## Input for this task:
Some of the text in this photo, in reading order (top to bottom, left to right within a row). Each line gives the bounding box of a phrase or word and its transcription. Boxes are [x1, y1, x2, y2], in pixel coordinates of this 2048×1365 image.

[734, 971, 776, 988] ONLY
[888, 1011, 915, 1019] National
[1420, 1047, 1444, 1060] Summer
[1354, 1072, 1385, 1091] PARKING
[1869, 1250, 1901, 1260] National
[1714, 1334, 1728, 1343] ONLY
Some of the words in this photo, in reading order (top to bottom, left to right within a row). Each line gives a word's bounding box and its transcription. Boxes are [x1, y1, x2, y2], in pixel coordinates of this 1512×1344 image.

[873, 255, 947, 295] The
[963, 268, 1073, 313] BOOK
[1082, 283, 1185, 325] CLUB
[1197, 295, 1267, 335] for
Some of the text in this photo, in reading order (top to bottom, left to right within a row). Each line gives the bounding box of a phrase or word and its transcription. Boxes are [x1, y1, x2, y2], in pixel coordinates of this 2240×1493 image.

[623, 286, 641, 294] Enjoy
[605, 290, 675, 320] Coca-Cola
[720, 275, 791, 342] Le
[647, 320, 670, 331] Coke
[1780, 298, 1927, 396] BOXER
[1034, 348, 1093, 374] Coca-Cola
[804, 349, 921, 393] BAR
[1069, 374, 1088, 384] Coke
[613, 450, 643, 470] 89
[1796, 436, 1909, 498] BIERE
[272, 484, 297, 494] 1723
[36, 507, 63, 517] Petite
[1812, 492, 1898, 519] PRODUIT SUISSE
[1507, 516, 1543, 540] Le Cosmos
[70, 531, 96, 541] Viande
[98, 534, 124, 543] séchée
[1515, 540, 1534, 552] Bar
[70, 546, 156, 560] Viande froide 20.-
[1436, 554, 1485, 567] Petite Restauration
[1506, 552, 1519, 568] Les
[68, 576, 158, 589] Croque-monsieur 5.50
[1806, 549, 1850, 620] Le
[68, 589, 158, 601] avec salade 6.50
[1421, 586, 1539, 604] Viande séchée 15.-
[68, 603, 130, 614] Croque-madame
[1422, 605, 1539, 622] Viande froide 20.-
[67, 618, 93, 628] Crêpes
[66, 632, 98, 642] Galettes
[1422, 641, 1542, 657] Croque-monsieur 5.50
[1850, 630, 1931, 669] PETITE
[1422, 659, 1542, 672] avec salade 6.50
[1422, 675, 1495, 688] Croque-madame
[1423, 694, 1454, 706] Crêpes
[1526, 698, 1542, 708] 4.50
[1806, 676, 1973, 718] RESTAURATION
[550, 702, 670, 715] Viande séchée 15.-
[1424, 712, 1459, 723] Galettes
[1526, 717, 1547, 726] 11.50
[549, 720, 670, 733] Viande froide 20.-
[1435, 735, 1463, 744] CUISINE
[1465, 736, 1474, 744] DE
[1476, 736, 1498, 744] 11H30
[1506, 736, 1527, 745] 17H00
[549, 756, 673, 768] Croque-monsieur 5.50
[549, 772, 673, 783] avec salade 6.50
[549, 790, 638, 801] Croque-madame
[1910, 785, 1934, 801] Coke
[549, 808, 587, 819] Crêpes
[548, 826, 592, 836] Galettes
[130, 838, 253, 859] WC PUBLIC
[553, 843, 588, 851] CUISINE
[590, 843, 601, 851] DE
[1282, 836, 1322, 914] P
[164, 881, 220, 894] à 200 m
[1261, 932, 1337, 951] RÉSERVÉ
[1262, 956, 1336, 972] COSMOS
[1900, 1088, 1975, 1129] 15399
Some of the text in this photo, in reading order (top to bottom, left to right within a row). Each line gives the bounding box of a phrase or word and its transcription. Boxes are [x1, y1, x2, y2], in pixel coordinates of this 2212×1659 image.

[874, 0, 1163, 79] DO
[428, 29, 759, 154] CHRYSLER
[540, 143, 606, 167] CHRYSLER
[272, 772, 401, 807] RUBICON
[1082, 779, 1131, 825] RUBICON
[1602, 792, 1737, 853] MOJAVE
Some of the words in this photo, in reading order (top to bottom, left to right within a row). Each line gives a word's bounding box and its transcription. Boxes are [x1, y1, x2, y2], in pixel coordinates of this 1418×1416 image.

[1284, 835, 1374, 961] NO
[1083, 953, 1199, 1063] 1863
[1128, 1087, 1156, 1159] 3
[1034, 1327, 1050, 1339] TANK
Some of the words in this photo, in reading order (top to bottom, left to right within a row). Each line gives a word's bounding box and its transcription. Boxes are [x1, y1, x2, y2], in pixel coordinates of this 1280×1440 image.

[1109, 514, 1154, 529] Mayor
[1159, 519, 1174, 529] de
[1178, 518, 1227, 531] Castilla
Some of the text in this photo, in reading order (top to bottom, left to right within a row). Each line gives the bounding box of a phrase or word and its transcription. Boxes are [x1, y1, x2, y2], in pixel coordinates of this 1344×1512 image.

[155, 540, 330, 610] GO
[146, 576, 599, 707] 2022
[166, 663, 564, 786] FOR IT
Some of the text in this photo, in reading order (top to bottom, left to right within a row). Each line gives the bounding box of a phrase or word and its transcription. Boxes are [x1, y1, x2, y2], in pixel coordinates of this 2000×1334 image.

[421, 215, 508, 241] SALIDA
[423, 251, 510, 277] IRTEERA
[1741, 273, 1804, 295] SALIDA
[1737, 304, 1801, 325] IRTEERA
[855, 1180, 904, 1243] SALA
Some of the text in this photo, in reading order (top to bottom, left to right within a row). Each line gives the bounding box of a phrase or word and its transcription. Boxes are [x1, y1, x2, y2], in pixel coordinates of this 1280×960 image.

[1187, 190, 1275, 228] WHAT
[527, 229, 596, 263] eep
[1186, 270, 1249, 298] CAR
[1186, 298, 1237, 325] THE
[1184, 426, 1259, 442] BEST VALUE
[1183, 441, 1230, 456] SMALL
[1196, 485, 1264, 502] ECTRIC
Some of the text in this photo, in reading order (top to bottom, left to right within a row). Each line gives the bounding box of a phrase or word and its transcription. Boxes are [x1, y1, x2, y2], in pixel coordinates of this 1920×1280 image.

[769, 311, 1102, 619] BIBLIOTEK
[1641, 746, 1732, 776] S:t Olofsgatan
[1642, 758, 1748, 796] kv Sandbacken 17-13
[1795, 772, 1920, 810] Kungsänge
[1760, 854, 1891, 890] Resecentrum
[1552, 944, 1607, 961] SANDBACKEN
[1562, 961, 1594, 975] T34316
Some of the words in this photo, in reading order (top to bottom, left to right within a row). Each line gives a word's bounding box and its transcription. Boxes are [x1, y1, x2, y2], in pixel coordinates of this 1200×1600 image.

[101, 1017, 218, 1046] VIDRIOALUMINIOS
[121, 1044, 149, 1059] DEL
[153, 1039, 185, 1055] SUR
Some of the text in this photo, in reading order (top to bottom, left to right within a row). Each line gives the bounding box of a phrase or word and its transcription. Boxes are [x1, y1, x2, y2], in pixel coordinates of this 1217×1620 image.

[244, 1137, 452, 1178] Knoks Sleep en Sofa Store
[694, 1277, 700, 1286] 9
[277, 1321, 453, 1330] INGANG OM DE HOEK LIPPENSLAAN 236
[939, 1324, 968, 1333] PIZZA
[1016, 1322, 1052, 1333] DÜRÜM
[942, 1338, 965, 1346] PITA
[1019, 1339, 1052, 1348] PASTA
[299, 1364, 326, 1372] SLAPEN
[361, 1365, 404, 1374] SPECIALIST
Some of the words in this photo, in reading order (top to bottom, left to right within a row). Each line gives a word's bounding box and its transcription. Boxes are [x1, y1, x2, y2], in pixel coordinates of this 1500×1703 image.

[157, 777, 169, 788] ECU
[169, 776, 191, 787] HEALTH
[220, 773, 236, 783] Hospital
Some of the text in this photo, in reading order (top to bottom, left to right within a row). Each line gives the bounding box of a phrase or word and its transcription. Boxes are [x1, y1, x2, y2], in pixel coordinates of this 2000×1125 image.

## Your goal:
"this 1500×1703 image." marks the first line to print; reproduce that line and every line after it through the end of the listing above.

## Exercise answer:
Some of the words in this photo, in reading order (top to bottom, left to right within a row). Each line gives a word's bounding box and its transcription. Boxes are [x1, y1, x2, y2], in pixel coordinates of this 1500×1703 image.

[157, 777, 169, 788] ECU
[169, 776, 191, 787] HEALTH
[220, 773, 236, 783] Hospital
Some of the text in this photo, in reading order (top to bottom, left to right within a row). Each line gives the bounding box of a phrase or word and its transcription. Boxes are [x1, y1, x2, y2], in pixel coordinates of this 2000×1125 image.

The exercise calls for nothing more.